# [ACTIVITY]
Could you return the whole listing exactly?

# [EXERCISE INPUTS]
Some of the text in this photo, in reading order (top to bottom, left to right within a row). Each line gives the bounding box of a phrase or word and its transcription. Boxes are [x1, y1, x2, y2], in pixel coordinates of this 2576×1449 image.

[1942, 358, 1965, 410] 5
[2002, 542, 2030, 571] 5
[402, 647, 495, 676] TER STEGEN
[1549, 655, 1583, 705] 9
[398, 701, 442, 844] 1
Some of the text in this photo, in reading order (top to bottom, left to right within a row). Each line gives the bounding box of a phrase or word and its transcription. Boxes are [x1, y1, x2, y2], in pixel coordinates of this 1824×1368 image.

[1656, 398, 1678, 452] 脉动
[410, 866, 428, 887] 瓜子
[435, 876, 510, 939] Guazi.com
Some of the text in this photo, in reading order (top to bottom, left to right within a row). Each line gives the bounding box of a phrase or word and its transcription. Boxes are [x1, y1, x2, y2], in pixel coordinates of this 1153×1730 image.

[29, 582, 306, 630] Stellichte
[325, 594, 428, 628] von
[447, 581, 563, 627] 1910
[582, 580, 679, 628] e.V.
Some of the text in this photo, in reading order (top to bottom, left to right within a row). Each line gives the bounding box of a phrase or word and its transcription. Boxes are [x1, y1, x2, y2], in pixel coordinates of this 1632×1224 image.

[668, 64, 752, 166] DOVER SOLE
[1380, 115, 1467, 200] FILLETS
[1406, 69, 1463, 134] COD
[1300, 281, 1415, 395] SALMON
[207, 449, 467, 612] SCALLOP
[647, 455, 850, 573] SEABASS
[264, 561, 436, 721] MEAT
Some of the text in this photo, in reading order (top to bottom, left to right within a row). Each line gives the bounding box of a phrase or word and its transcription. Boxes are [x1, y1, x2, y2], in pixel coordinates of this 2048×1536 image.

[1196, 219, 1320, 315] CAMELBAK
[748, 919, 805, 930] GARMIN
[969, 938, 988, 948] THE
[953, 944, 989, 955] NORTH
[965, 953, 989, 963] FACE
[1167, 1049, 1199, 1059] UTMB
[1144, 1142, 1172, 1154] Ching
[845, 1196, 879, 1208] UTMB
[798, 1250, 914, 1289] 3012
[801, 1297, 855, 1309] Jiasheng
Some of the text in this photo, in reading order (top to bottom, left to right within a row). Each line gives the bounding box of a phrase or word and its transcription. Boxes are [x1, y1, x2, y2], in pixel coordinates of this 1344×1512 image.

# [EXERCISE RESULT]
Some of the text in this photo, in reading order (top to bottom, left to right within a row). Each line gives the bounding box of a phrase or word and its transcription. Boxes are [x1, y1, x2, y2], in pixel coordinates of this 2576×1449 image.

[1942, 358, 1965, 410] 5
[2002, 542, 2030, 571] 5
[402, 647, 495, 676] TER STEGEN
[1549, 655, 1583, 705] 9
[398, 701, 442, 844] 1
Some of the text in this photo, in reading order (top to bottom, left to right within a row). Each line gives the bounding box of a phrase or word and its transcription. Boxes are [x1, y1, x2, y2], in pixel coordinates of this 1824×1368 image.

[1656, 398, 1678, 452] 脉动
[410, 866, 428, 887] 瓜子
[435, 876, 510, 939] Guazi.com
Some of the text in this photo, in reading order (top to bottom, left to right within a row). Each line gives the bounding box of a phrase or word and its transcription. Boxes are [x1, y1, x2, y2], in pixel coordinates of this 1153×1730 image.

[29, 582, 306, 630] Stellichte
[325, 594, 428, 628] von
[447, 581, 563, 627] 1910
[582, 580, 679, 628] e.V.
Some of the text in this photo, in reading order (top to bottom, left to right within a row). Each line gives the bounding box of a phrase or word and its transcription. Boxes are [x1, y1, x2, y2], in pixel coordinates of this 1632×1224 image.

[668, 64, 752, 166] DOVER SOLE
[1380, 115, 1467, 200] FILLETS
[1406, 69, 1463, 134] COD
[1300, 281, 1415, 395] SALMON
[207, 449, 467, 612] SCALLOP
[647, 455, 850, 573] SEABASS
[264, 561, 436, 721] MEAT
Some of the text in this photo, in reading order (top to bottom, left to right within a row). Each line gives the bounding box of a phrase or word and its transcription. Boxes are [x1, y1, x2, y2], in pixel coordinates of this 2048×1536 image.

[1196, 219, 1320, 315] CAMELBAK
[748, 919, 805, 930] GARMIN
[969, 938, 988, 948] THE
[953, 944, 989, 955] NORTH
[965, 953, 989, 963] FACE
[1167, 1049, 1199, 1059] UTMB
[1144, 1142, 1172, 1154] Ching
[845, 1196, 879, 1208] UTMB
[798, 1250, 914, 1289] 3012
[801, 1297, 855, 1309] Jiasheng
Some of the text in this photo, in reading order (top to bottom, left to right within a row). Each line gives the bounding box of a phrase or word and its transcription. Boxes are [x1, y1, x2, y2], in pixel coordinates of this 1344×1512 image.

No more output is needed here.